Winners of the $10k essay prize
Michael Dean announces the results of the Essay Architecture Prize and the release of The Best Internet Essays 2025, a pocket-sized paperback anthology of 13 finalist essays. The project distilled over 900,000 words across 400 submissions, evaluated by 10 judges with independent criteria. Tommy Dixon won the top prize. The anthology features recurring themes of rootedness, loss, wonder, vulnerability, and the power of attention in a distraction-engineered culture.
Dean frames the anthology as the culmination of a year-long arc: writing a textbook on essay composition, analyzing classic essays against his framework, building AI-powered feedback software, and running a tech-forward prize. The result is something deliberately simple — a physical book small enough to fit in a pocket, designed to be read off-screen.
The piece doubles as a manifesto for printed essay anthologies as an underrated genre. Dean argues that commercially they barely exist, but for aspiring writers they are the best kind of book to own: a range of voices and ideas in one cover, reliable enough to deliver a full dose of literature in a single sitting. The vision is to make this annual — curating the best writing online, the kind people bookmark but inevitably forget, and assembling it into a physical object roughly the size of a phone.

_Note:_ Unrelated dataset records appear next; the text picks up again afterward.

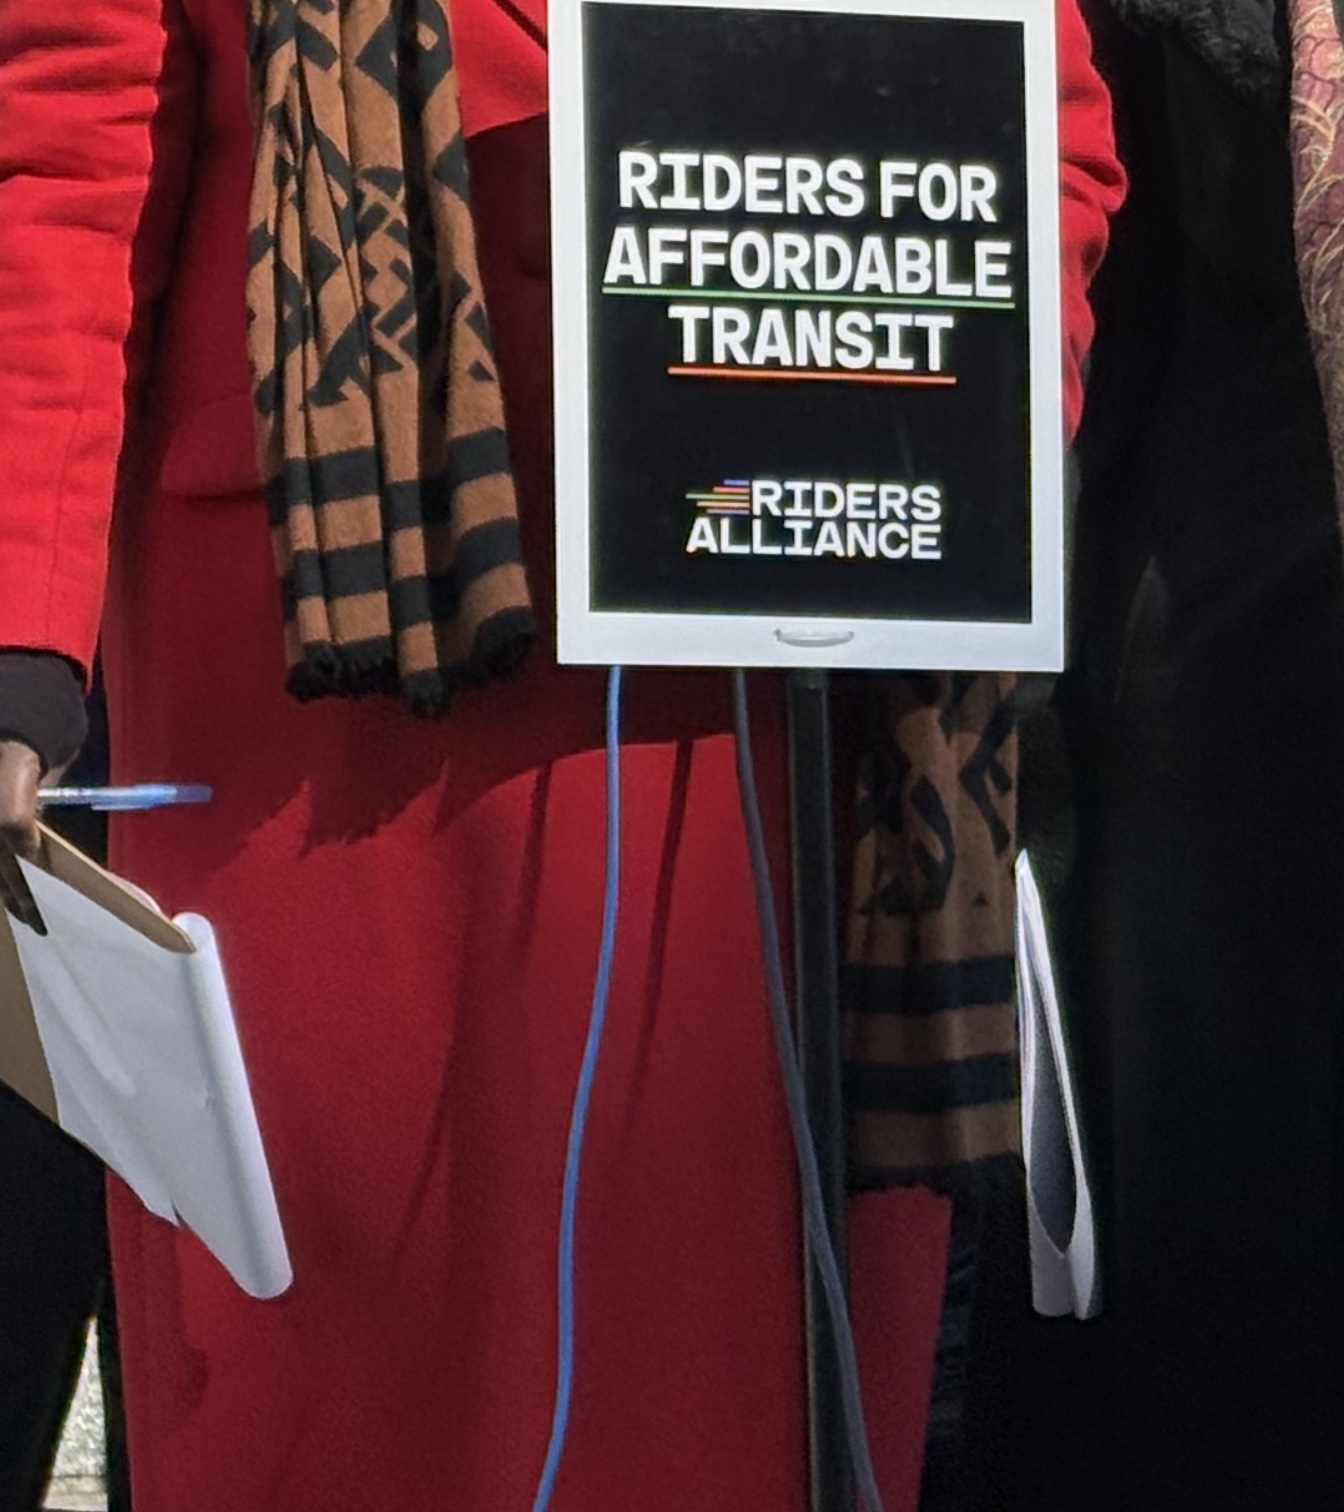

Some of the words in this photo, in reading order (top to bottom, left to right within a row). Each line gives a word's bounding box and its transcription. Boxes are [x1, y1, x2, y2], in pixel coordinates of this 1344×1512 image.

[618, 149, 865, 217] RIDERS
[879, 160, 998, 223] FOR
[602, 226, 1013, 299] AFFORDABLE
[667, 305, 955, 372] TRANSIT
[750, 479, 942, 522] RIDERS
[685, 516, 942, 560] ALLIANCE

RDCO mapping: The anthology model (curate, edit, print) is a reference pattern for Sanity Check compilation projects. Dean’s emphasis on judging quality across subjective lenses — where individual scores diverge but aggregate rankings converge — mirrors how editorial taste can be systematized without losing nuance. The pocket-sized format and direct-to-reader distribution (via Metalabel, 100% royalties to contributors) is worth tracking as an alternative publishing model.